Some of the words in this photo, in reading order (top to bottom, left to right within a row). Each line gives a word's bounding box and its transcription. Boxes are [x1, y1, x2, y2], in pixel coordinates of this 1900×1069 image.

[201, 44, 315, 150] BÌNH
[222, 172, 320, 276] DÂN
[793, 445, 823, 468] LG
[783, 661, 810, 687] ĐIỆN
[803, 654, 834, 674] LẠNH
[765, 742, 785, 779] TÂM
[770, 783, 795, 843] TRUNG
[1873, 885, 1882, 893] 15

+-------+

■ WHAT THE EXERCISE ASKS
Retype every entry exactly as it stands.

■ FINISHED TASK
Some of the words in this photo, in reading order (top to bottom, left to right within a row). Each line gives a word's bounding box and its transcription. Boxes are [x1, y1, x2, y2], in pixel coordinates of this 1900×1069 image.

[201, 44, 315, 150] BÌNH
[222, 172, 320, 276] DÂN
[793, 445, 823, 468] LG
[783, 661, 810, 687] ĐIỆN
[803, 654, 834, 674] LẠNH
[765, 742, 785, 779] TÂM
[770, 783, 795, 843] TRUNG
[1873, 885, 1882, 893] 15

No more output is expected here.